## Available data
=====

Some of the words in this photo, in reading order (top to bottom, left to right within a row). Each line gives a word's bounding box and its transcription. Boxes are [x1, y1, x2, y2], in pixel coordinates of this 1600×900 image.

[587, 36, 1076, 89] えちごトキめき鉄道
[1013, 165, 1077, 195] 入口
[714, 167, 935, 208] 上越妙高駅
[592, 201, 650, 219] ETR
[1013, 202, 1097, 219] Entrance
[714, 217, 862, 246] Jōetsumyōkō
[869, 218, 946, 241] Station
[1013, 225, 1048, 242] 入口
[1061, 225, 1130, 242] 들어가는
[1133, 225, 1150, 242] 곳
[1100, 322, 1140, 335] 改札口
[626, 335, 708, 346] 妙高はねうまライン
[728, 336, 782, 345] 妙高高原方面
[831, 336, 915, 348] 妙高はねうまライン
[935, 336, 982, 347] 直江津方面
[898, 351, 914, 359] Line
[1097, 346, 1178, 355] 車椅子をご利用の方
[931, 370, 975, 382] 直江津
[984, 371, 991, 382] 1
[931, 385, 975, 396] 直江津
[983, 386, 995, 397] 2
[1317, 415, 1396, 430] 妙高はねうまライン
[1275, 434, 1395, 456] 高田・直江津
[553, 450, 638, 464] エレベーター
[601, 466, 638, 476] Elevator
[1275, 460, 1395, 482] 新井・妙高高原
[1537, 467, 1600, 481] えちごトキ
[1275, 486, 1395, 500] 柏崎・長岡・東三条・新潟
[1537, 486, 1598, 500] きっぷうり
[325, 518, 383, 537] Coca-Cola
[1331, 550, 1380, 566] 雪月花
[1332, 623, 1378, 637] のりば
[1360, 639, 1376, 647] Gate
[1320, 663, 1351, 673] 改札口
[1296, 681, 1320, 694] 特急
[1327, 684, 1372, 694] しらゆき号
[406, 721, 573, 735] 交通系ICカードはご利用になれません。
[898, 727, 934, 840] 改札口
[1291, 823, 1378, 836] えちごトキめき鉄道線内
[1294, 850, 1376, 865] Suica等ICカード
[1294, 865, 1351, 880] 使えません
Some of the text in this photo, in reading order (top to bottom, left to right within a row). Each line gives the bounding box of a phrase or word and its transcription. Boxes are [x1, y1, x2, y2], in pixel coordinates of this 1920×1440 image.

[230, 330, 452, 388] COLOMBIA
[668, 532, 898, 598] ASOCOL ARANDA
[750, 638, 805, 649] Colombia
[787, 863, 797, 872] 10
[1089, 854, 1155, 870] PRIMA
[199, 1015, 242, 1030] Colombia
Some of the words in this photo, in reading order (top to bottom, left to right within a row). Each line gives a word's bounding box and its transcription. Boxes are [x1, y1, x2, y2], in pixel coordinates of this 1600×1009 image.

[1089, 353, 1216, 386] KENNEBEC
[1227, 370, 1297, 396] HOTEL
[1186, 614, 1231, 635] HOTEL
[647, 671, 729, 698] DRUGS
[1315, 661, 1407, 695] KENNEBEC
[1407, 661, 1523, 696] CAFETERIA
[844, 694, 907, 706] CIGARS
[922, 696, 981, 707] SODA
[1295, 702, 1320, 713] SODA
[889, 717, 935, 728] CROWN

=====

Beginning at the line that holds "Some of the text", copy every line through the end of the entries exactly as given, and only those lines.

## Solution below
Some of the text in this photo, in reading order (top to bottom, left to right within a row). Each line gives the bounding box of a phrase or word and its transcription. Boxes are [x1, y1, x2, y2], in pixel coordinates of this 1920×1440 image.

[230, 330, 452, 388] COLOMBIA
[668, 532, 898, 598] ASOCOL ARANDA
[750, 638, 805, 649] Colombia
[787, 863, 797, 872] 10
[1089, 854, 1155, 870] PRIMA
[199, 1015, 242, 1030] Colombia
Some of the words in this photo, in reading order (top to bottom, left to right within a row). Each line gives a word's bounding box and its transcription. Boxes are [x1, y1, x2, y2], in pixel coordinates of this 1600×1009 image.

[1089, 353, 1216, 386] KENNEBEC
[1227, 370, 1297, 396] HOTEL
[1186, 614, 1231, 635] HOTEL
[647, 671, 729, 698] DRUGS
[1315, 661, 1407, 695] KENNEBEC
[1407, 661, 1523, 696] CAFETERIA
[844, 694, 907, 706] CIGARS
[922, 696, 981, 707] SODA
[1295, 702, 1320, 713] SODA
[889, 717, 935, 728] CROWN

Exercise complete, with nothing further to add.